■ Work to be completed
Output the records below again, precisely as they are written.

Stored entries
___
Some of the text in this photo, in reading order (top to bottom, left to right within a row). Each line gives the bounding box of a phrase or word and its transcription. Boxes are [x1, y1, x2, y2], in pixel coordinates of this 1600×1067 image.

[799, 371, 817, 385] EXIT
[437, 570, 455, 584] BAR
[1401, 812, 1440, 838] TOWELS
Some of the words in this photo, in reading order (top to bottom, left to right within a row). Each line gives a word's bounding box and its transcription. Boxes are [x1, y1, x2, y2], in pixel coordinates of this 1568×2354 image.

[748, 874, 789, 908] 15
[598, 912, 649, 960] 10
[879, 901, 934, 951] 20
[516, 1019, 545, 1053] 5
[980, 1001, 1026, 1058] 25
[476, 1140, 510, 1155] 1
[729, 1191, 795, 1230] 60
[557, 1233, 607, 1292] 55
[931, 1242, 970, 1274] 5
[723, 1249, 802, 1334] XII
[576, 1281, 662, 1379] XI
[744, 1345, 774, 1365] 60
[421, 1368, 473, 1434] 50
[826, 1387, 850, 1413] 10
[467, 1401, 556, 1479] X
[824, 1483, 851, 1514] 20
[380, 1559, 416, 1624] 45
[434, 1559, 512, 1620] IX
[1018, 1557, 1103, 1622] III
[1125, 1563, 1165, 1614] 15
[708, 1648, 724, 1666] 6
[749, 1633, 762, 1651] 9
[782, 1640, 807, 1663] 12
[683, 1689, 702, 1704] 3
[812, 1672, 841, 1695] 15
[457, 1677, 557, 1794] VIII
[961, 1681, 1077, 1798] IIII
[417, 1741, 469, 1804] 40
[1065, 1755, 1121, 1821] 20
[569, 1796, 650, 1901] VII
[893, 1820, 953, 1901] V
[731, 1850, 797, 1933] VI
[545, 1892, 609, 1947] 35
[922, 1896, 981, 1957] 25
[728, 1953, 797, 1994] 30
___
■ Output of the exercise
Some of the text in this photo, in reading order (top to bottom, left to right within a row). Each line gives the bounding box of a phrase or word and its transcription. Boxes are [x1, y1, x2, y2], in pixel coordinates of this 1600×1067 image.

[799, 371, 817, 385] EXIT
[437, 570, 455, 584] BAR
[1401, 812, 1440, 838] TOWELS
Some of the words in this photo, in reading order (top to bottom, left to right within a row). Each line gives a word's bounding box and its transcription. Boxes are [x1, y1, x2, y2], in pixel coordinates of this 1568×2354 image.

[748, 874, 789, 908] 15
[598, 912, 649, 960] 10
[879, 901, 934, 951] 20
[516, 1019, 545, 1053] 5
[980, 1001, 1026, 1058] 25
[476, 1140, 510, 1155] 1
[729, 1191, 795, 1230] 60
[557, 1233, 607, 1292] 55
[931, 1242, 970, 1274] 5
[723, 1249, 802, 1334] XII
[576, 1281, 662, 1379] XI
[744, 1345, 774, 1365] 60
[421, 1368, 473, 1434] 50
[826, 1387, 850, 1413] 10
[467, 1401, 556, 1479] X
[824, 1483, 851, 1514] 20
[380, 1559, 416, 1624] 45
[434, 1559, 512, 1620] IX
[1018, 1557, 1103, 1622] III
[1125, 1563, 1165, 1614] 15
[708, 1648, 724, 1666] 6
[749, 1633, 762, 1651] 9
[782, 1640, 807, 1663] 12
[683, 1689, 702, 1704] 3
[812, 1672, 841, 1695] 15
[457, 1677, 557, 1794] VIII
[961, 1681, 1077, 1798] IIII
[417, 1741, 469, 1804] 40
[1065, 1755, 1121, 1821] 20
[569, 1796, 650, 1901] VII
[893, 1820, 953, 1901] V
[731, 1850, 797, 1933] VI
[545, 1892, 609, 1947] 35
[922, 1896, 981, 1957] 25
[728, 1953, 797, 1994] 30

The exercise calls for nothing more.